Nowadays, when we ask people what Data is, they usually refer to their smartphone saying that they generate Data with it. But it could be interesting to put words on this term that is used every day and present everywhere in our environment.
Data is defined by the Oxford dictionary as the quantities, characters, or symbols on which operations are performed by a computer, which may be stored and transmitted in the form of electrical signals and recorded on magnetic, optical, or mechanical recording media. It is also defined as facts and statistics collected together for reference or analysis.
According to this definition, we comprehend that understanding what Data, is a pre-requires for how to use it. Data is everywhere. And a lot of Data is produced in a digital area. Based on a seedscientific article, in 2018, more than 2.5 quintillion bytes of data were created every day. This quantitative explosion of digital data requires new ways of seeing and analyzing the world. This brings us to Big Data.
But, what is Big Data?
The term is pretty self-explanatory. Big Data means mega data, huge data or massive data that is too huge to be analyzed by traditional tools. This data comes from everywhere: Youtube videos, images and videos we post, messages we send, tweets, online shopping transactions records and much more. By definition, Big Data is data that contains greater variety, arriving in increasing volumes, and finally with ever-higher velocity. When we talk about Big Data, the 5V's bubbles to the surface.
What are its benefits?
Big Data is important for companies. Here are some examples:
- A company like Netflix has a huge amount of customers and analyzes the Data of each client around the world to ameliorate the user's experience. As a result, you as a client can just sit and through recommendations, Netflix shows you films that could satisfy you based on multiple parameters. Therefore, the client is satisfied and will always connect to its Netflix account. The analysis of Netflix customers data has helped increase the turnover.

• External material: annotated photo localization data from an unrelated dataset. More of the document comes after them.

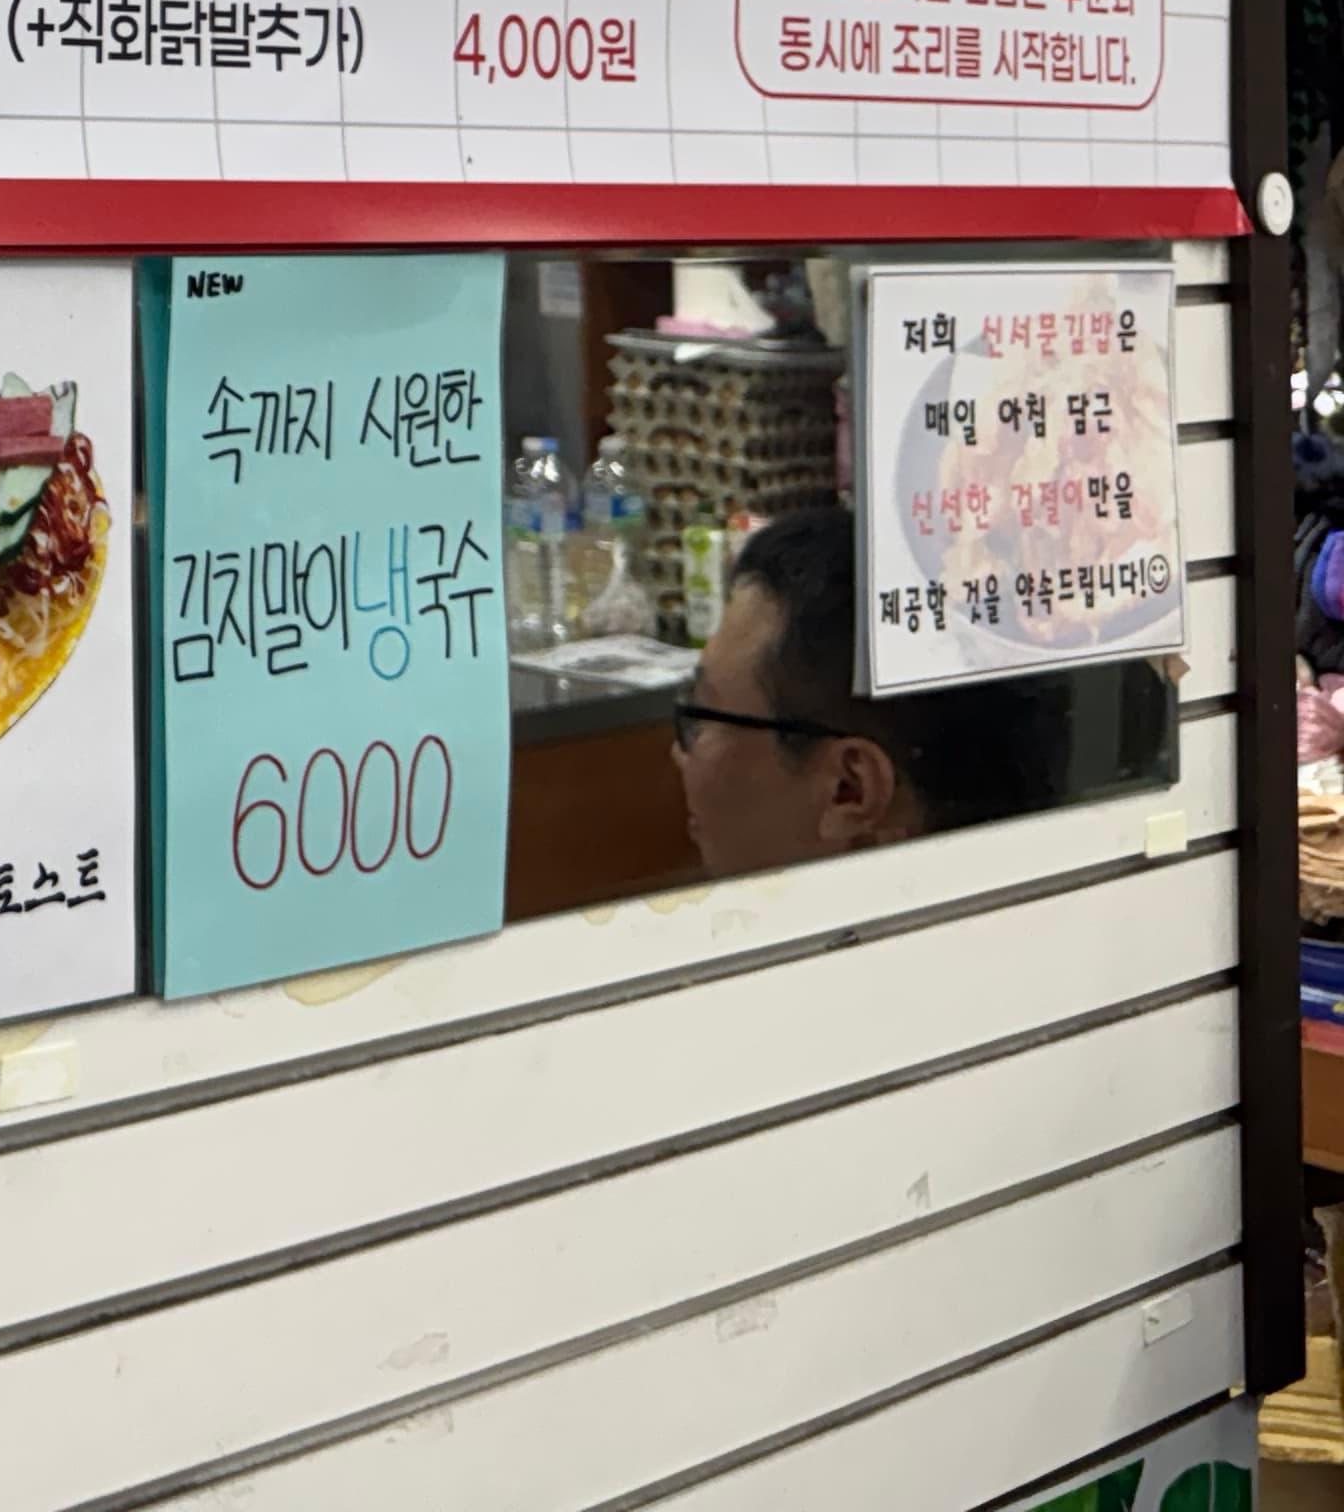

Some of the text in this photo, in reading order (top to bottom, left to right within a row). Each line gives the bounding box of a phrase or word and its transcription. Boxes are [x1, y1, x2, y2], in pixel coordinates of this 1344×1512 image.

[453, 13, 639, 84] 4,000원
[778, 17, 1137, 86] 동시에 조리를 시작합니다.
[187, 271, 244, 300] NEW
[903, 312, 957, 354] 저희
[203, 368, 483, 485] 속까지 시원한
[925, 392, 1113, 447] 매일 아침 담근
[879, 558, 1147, 633] 제공할 것을 약속드립니다!
[232, 734, 453, 890] 6000
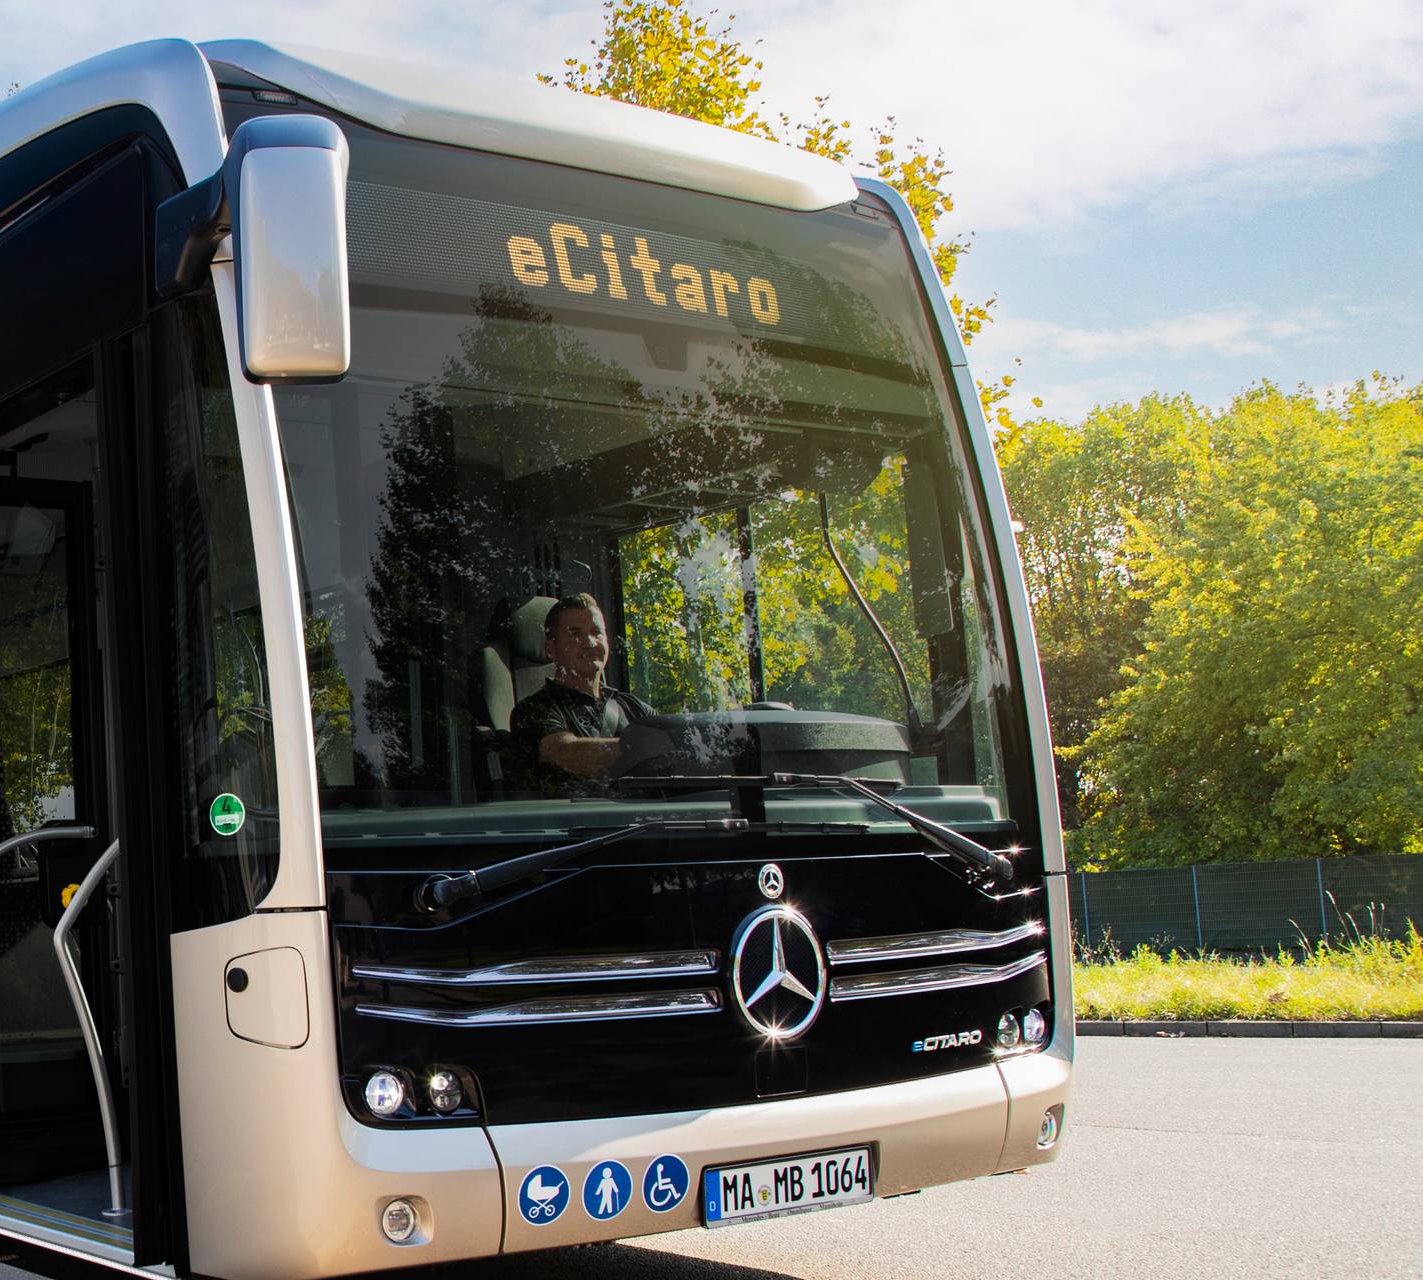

- Certain companies redefined their products based on the collection of information produced by customers and available on social media.
- Banking can detect fraud using the customer's transactions.
We understand that for each company size and in each domain Big Data has a significant role to play.
Types of Big Data
Big Data is widely classified into 3 types: structured, unstructured and semi-structured data.
Structured data: It's used to refer to data that is already stored in databases. Data is represented in the form of rows and columns. Also, 20 % of data today is structured. Here is an example of structured data. For example, if we do a survey, the information collected would be structured data. Another example of structured data is a Database.
Unstructured data: It has no clear format in storage. This cannot be stored in the form of row columns. It represented 80% of the Data today making extraction a key challenge. Some examples of unstructured data types:
It can be images, files, videos, PDFs, text documents...
Semi-structured data: This type of data is difficult to categorize. Sometimes they look structured and sometimes unstructured. Even though it has organizational properties, it can't be stored in a database format. Examples of semi-structured data are XML or JSON documents.
To conclude, we are in an age of Big Data and we contribute as well as anyone else to the generation of data and the exploitation of these by companies.